**Task to complete**: Pictures stay out of the copy. Everything else in the records must be repeated exactly.

**Data**:
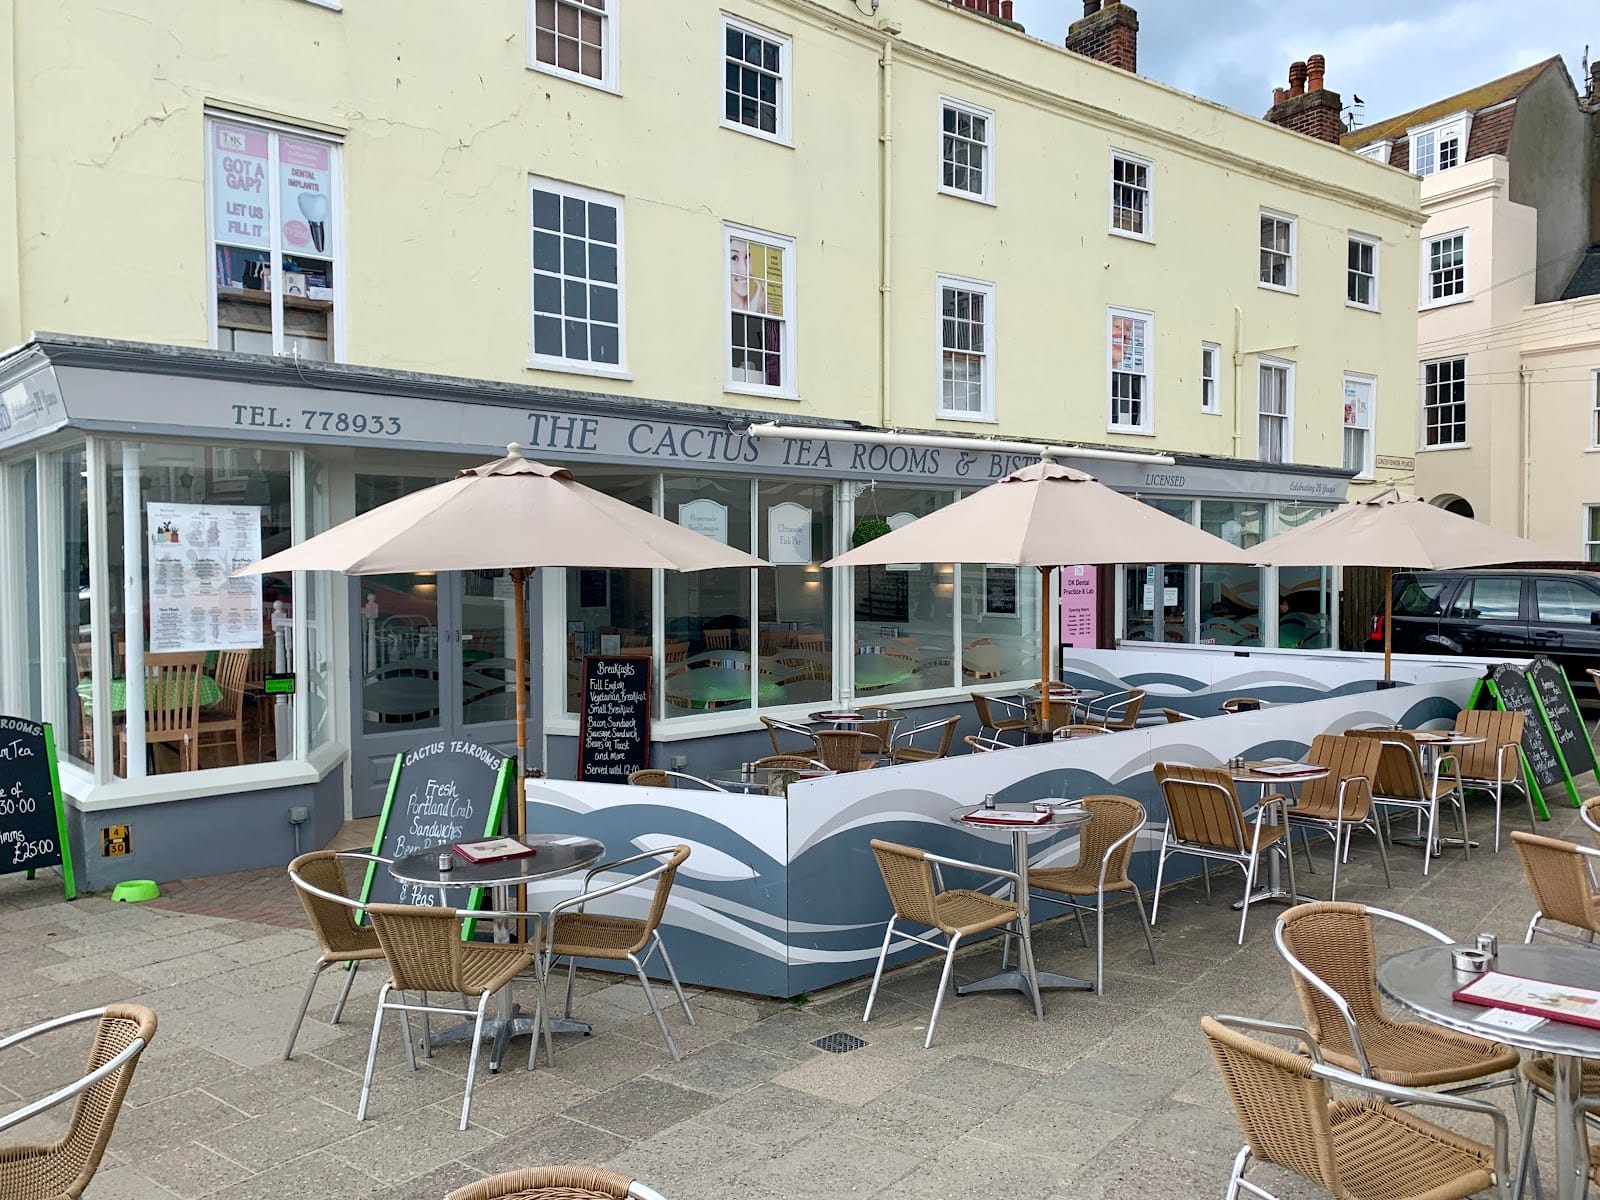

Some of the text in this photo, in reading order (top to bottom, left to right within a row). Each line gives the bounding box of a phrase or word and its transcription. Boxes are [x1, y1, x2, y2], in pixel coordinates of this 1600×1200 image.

[222, 156, 264, 180] GOT A
[291, 168, 316, 180] DENTAL
[226, 173, 262, 194] GAP?
[288, 178, 319, 191] IMPLANTS
[226, 201, 264, 220] LET US
[228, 220, 262, 238] FILL IT
[232, 405, 402, 435] TEL: 778933
[528, 413, 1058, 478] THE CACTUS TEA ROOMS & BIST
[1145, 473, 1186, 487] LICENSED
[597, 661, 635, 679] Breakfasts
[590, 679, 626, 694] Full English
[590, 690, 647, 705] Vegetarian Breakfast
[588, 702, 634, 716] Small Breakfast
[587, 715, 637, 730] Bacon Sandwich
[587, 727, 640, 742] Sausage Sandwich
[8, 738, 35, 759] Tea
[586, 737, 630, 751] Beans on Toast
[405, 741, 501, 771] CACTUS TEAROOMS
[595, 751, 609, 760] and
[585, 763, 609, 775] Served
[609, 764, 623, 775] until
[10, 781, 23, 798] of
[425, 779, 459, 798] Fresh
[407, 793, 473, 819] Portland Crab
[113, 828, 119, 837] 4
[409, 815, 463, 840] Sandwiches
[110, 844, 124, 854] 30
[411, 884, 434, 907] Peas
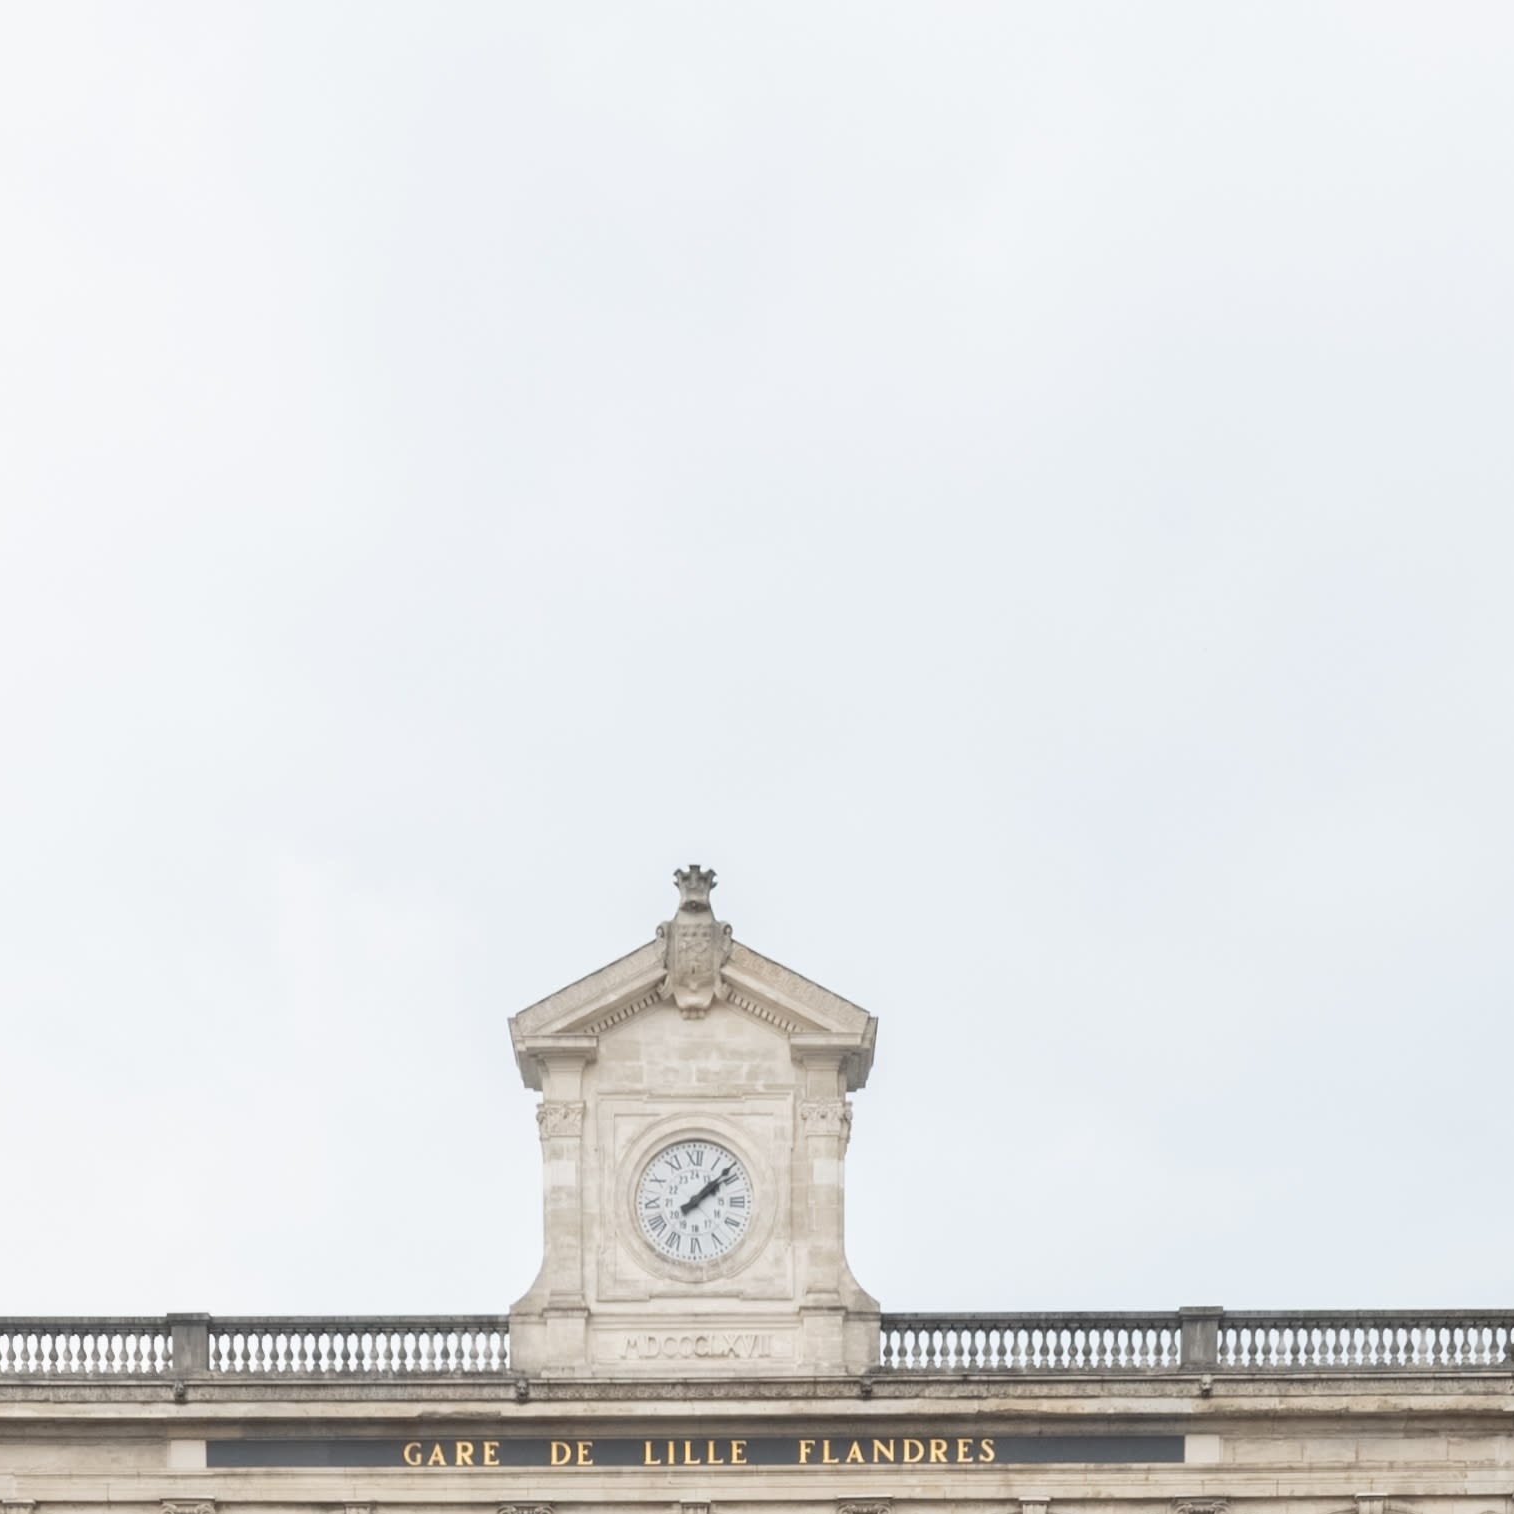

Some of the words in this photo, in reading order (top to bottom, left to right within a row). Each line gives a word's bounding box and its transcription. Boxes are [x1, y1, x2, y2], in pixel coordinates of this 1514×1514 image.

[403, 1442, 501, 1466] GARE
[550, 1442, 594, 1465] DE
[643, 1440, 748, 1465] LILLE
[798, 1439, 997, 1463] FLANDRES
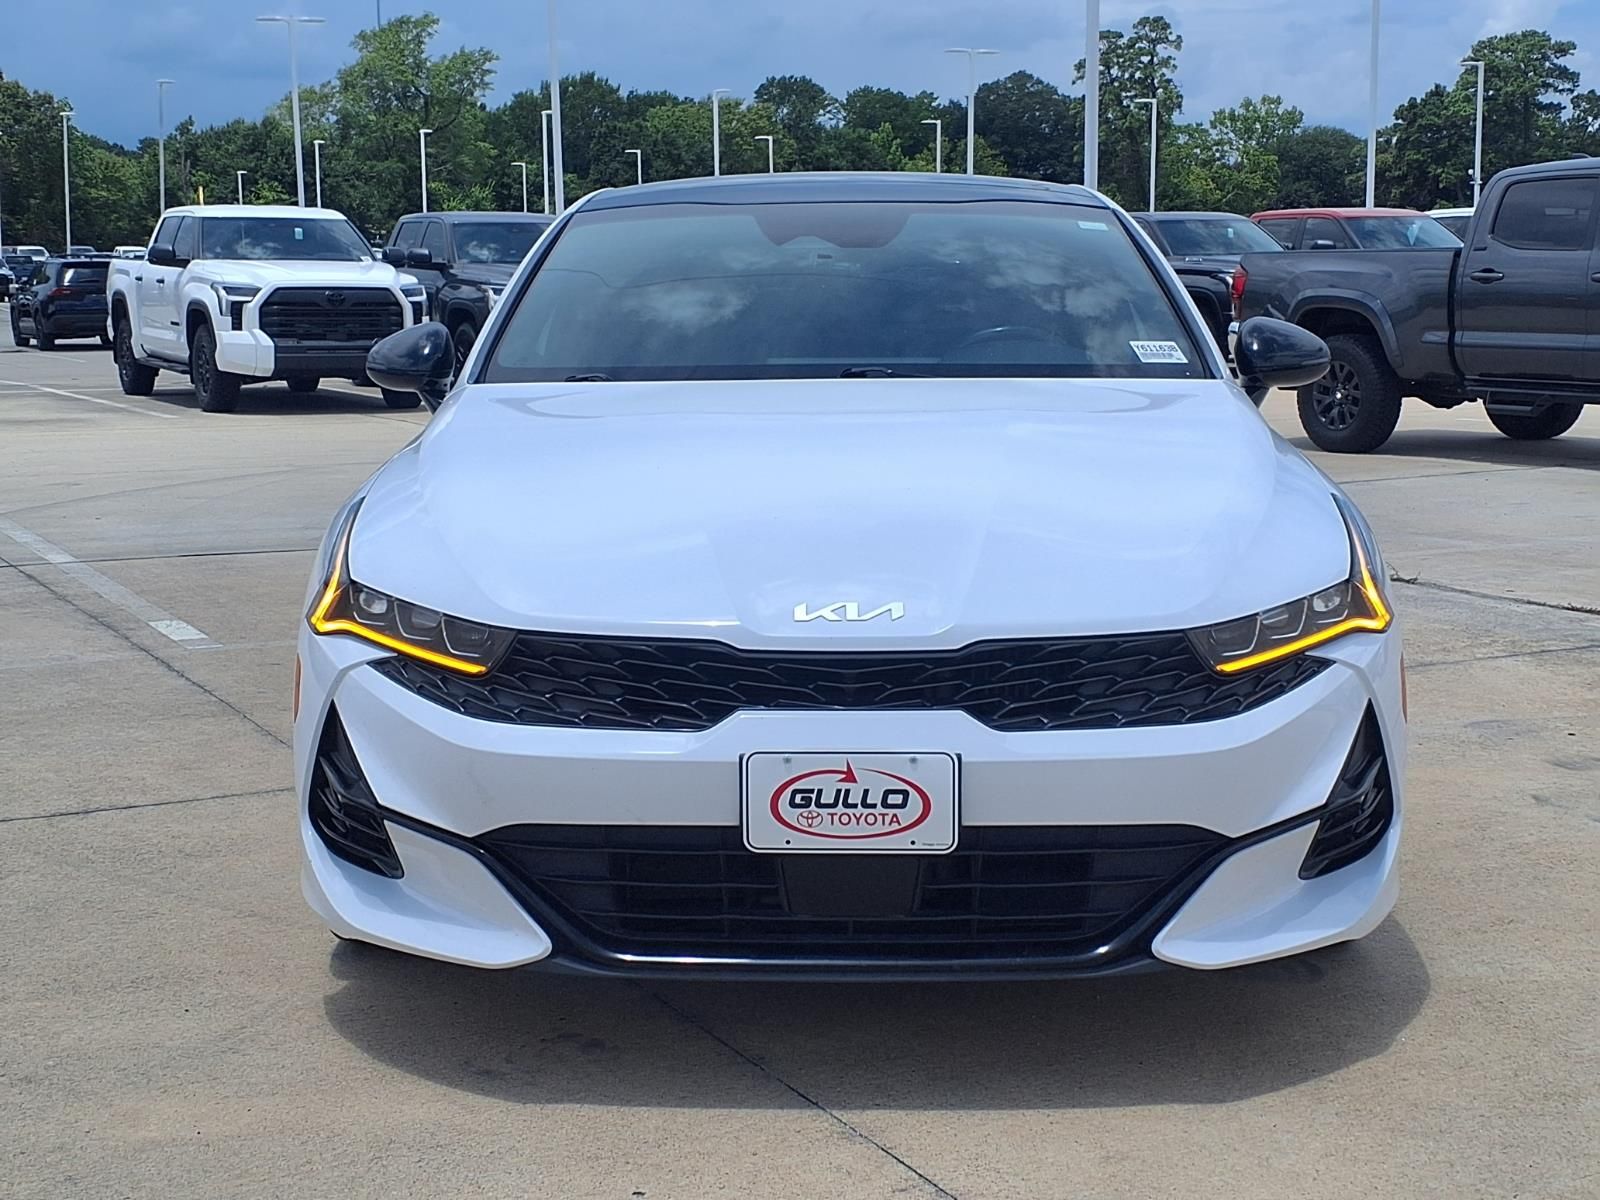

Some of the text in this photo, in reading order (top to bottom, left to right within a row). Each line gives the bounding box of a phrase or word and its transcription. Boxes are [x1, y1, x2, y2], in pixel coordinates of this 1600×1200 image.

[793, 601, 905, 622] KIA
[788, 788, 910, 809] GULLO
[827, 812, 902, 827] TOYOTA

**Solution for this exercise**:
Some of the text in this photo, in reading order (top to bottom, left to right within a row). Each line gives the bounding box of a phrase or word and its transcription. Boxes are [x1, y1, x2, y2], in pixel coordinates of this 1600×1200 image.

[222, 156, 264, 180] GOT A
[291, 168, 316, 180] DENTAL
[226, 173, 262, 194] GAP?
[288, 178, 319, 191] IMPLANTS
[226, 201, 264, 220] LET US
[228, 220, 262, 238] FILL IT
[232, 405, 402, 435] TEL: 778933
[528, 413, 1058, 478] THE CACTUS TEA ROOMS & BIST
[1145, 473, 1186, 487] LICENSED
[597, 661, 635, 679] Breakfasts
[590, 679, 626, 694] Full English
[590, 690, 647, 705] Vegetarian Breakfast
[588, 702, 634, 716] Small Breakfast
[587, 715, 637, 730] Bacon Sandwich
[587, 727, 640, 742] Sausage Sandwich
[8, 738, 35, 759] Tea
[586, 737, 630, 751] Beans on Toast
[405, 741, 501, 771] CACTUS TEAROOMS
[595, 751, 609, 760] and
[585, 763, 609, 775] Served
[609, 764, 623, 775] until
[10, 781, 23, 798] of
[425, 779, 459, 798] Fresh
[407, 793, 473, 819] Portland Crab
[113, 828, 119, 837] 4
[409, 815, 463, 840] Sandwiches
[110, 844, 124, 854] 30
[411, 884, 434, 907] Peas

Some of the words in this photo, in reading order (top to bottom, left to right within a row). Each line gives a word's bounding box and its transcription. Boxes are [x1, y1, x2, y2], in pixel coordinates of this 1514×1514 image.

[403, 1442, 501, 1466] GARE
[550, 1442, 594, 1465] DE
[643, 1440, 748, 1465] LILLE
[798, 1439, 997, 1463] FLANDRES

Some of the text in this photo, in reading order (top to bottom, left to right within a row). Each line gives the bounding box of a phrase or word and its transcription. Boxes are [x1, y1, x2, y2], in pixel coordinates of this 1600×1200 image.

[793, 601, 905, 622] KIA
[788, 788, 910, 809] GULLO
[827, 812, 902, 827] TOYOTA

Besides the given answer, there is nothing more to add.